— Task goal —
Only the pictures stay out; please return all the entries below exactly as written.

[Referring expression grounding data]
--- START ---

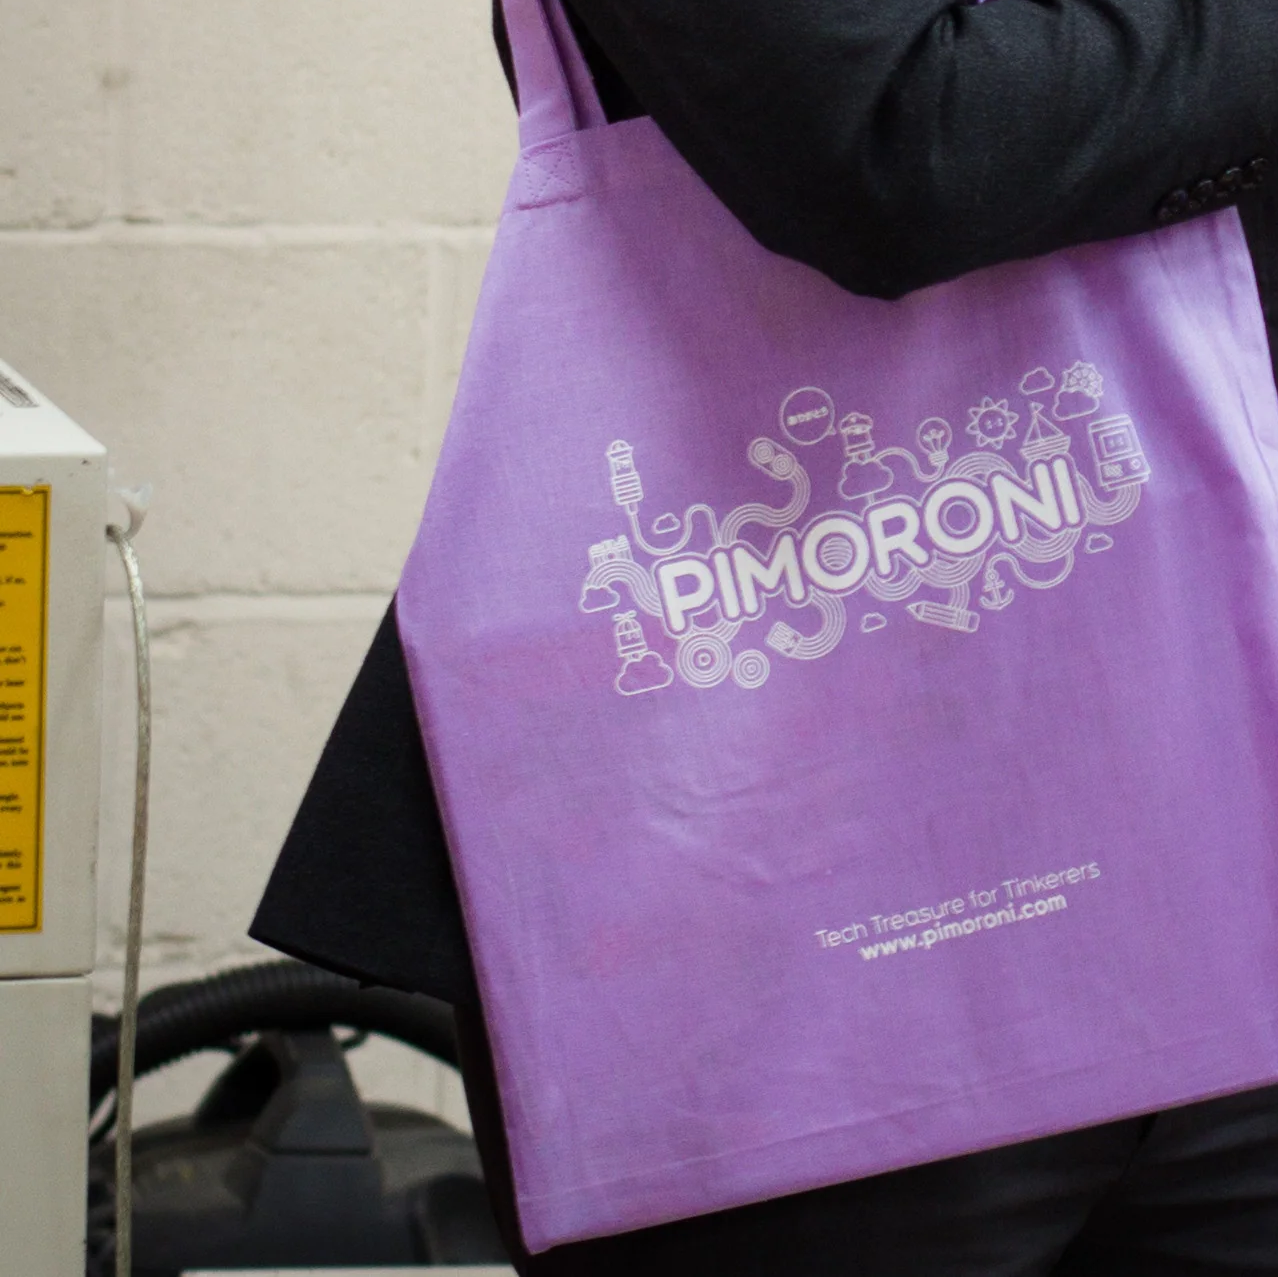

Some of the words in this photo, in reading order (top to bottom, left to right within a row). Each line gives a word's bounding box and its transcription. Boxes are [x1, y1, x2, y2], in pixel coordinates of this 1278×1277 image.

[658, 457, 1080, 632] PIMORONI
[815, 920, 868, 949] Tech
[870, 898, 965, 935] Treasure
[968, 887, 998, 908] for
[1001, 861, 1101, 901] Tinkerers
[858, 893, 1068, 961] www.pimoroni.com
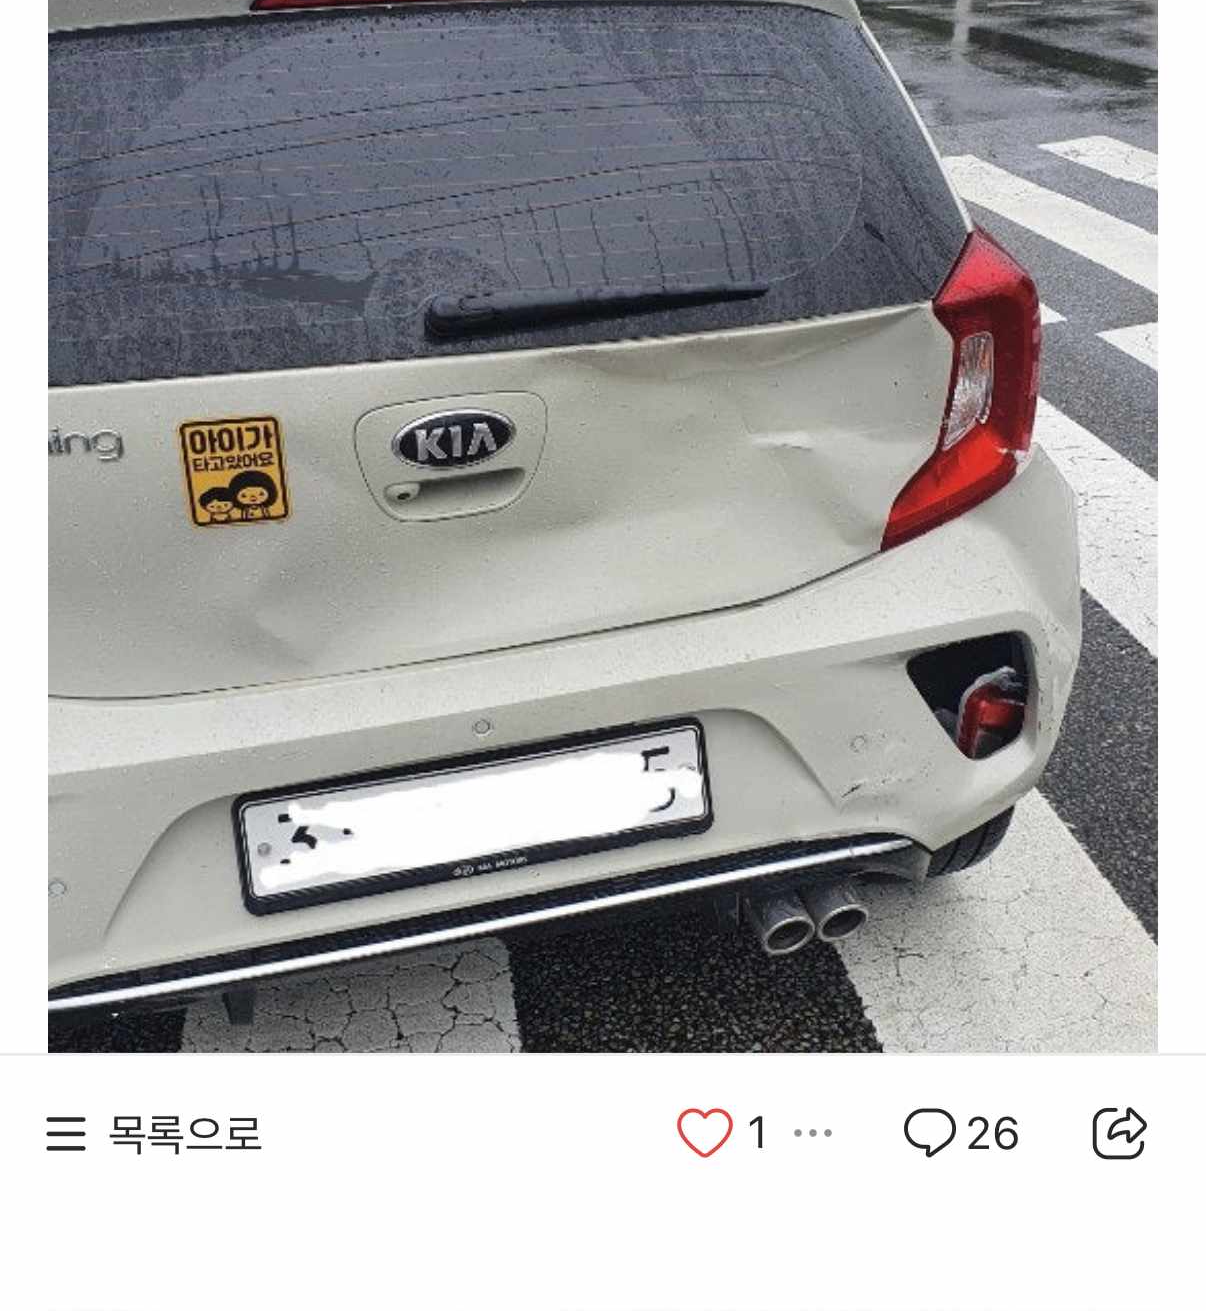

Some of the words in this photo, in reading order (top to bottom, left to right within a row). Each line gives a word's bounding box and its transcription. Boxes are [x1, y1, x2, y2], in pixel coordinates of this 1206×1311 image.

[48, 427, 124, 462] ing
[189, 424, 273, 454] 아이가
[415, 422, 497, 461] KIA
[192, 452, 275, 472] 타고있어요
[109, 1116, 262, 1155] 목록으로
[749, 1116, 764, 1149] 1
[967, 1116, 1019, 1150] 26
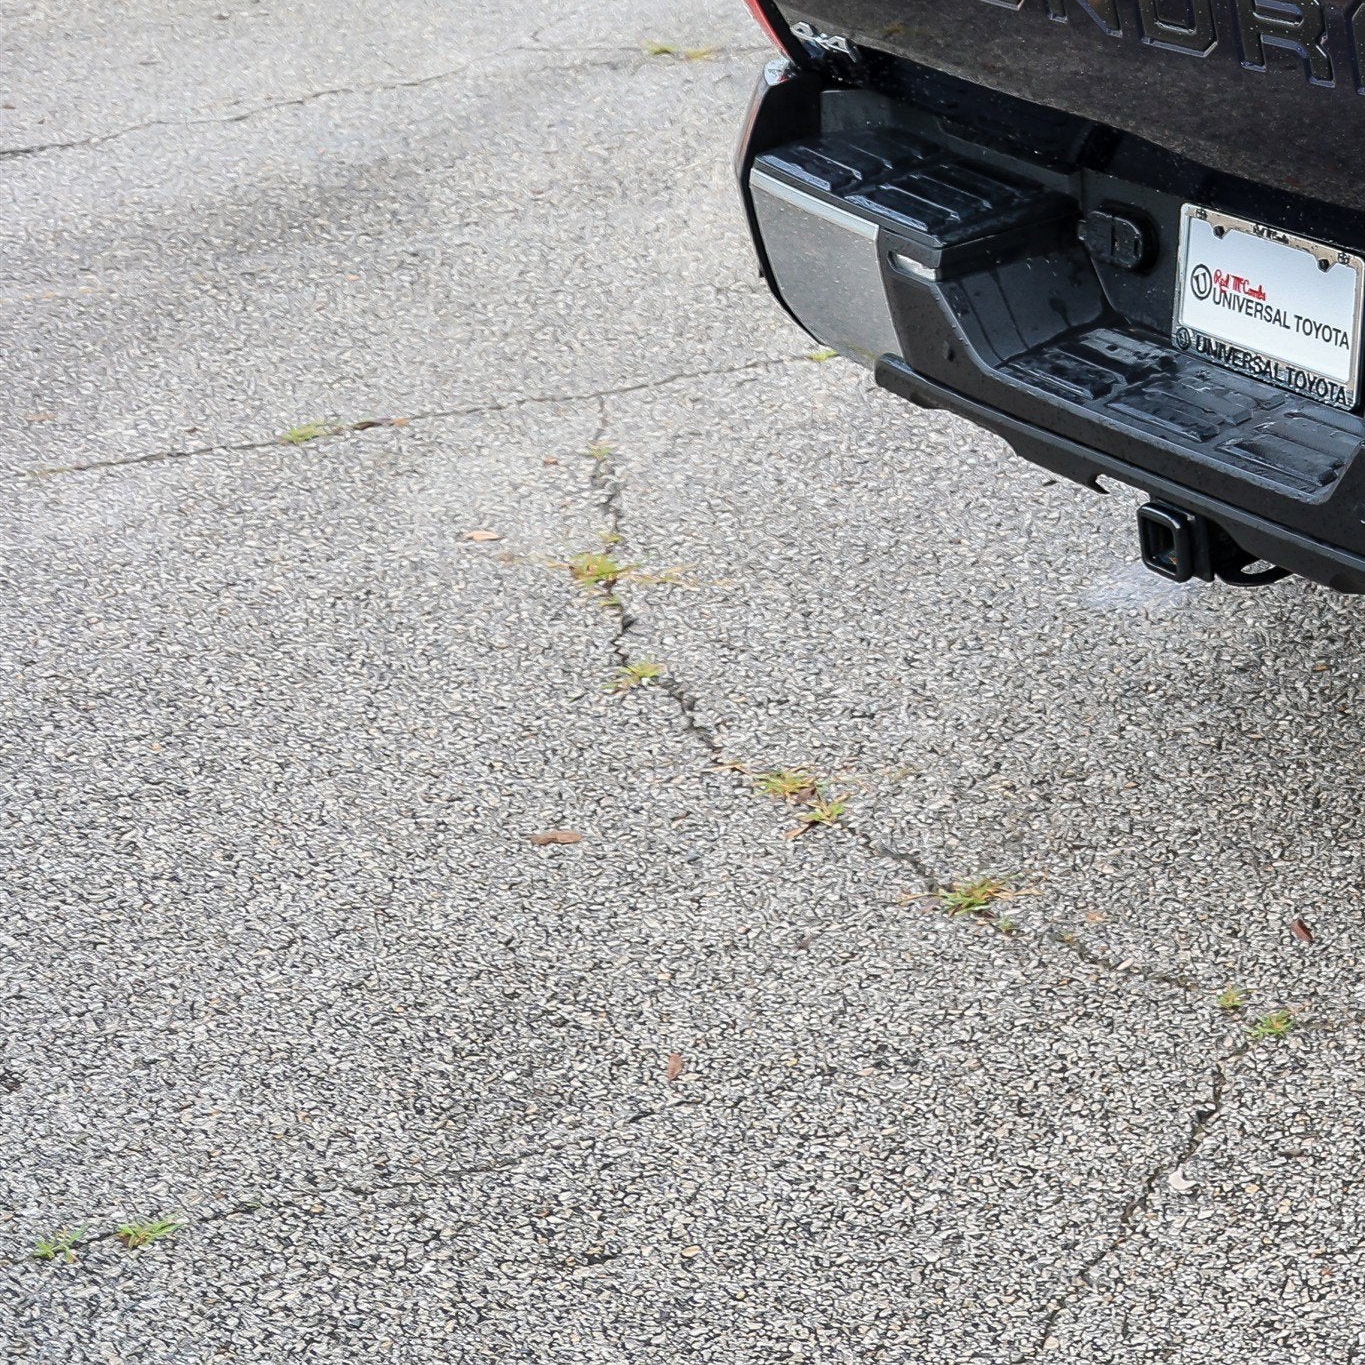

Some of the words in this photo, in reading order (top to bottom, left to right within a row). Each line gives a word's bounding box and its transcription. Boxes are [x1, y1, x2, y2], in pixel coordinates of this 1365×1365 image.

--- END ---

— Result below —
Some of the words in this photo, in reading order (top to bottom, left to right within a row). Each line gives a word's bounding box and its transcription. Boxes are [x1, y1, x2, y2], in pixel coordinates of this 1278×1277 image.

[658, 457, 1080, 632] PIMORONI
[815, 920, 868, 949] Tech
[870, 898, 965, 935] Treasure
[968, 887, 998, 908] for
[1001, 861, 1101, 901] Tinkerers
[858, 893, 1068, 961] www.pimoroni.com

Some of the words in this photo, in reading order (top to bottom, left to right within a row). Each line gives a word's bounding box and its transcription. Boxes are [x1, y1, x2, y2], in pixel coordinates of this 1206×1311 image.

[48, 427, 124, 462] ing
[189, 424, 273, 454] 아이가
[415, 422, 497, 461] KIA
[192, 452, 275, 472] 타고있어요
[109, 1116, 262, 1155] 목록으로
[749, 1116, 764, 1149] 1
[967, 1116, 1019, 1150] 26

Some of the words in this photo, in reading order (top to bottom, left to right within a row). Each line gives a word's bounding box and its transcription. Boxes are [x1, y1, x2, y2], in pixel coordinates of this 1365×1365 image.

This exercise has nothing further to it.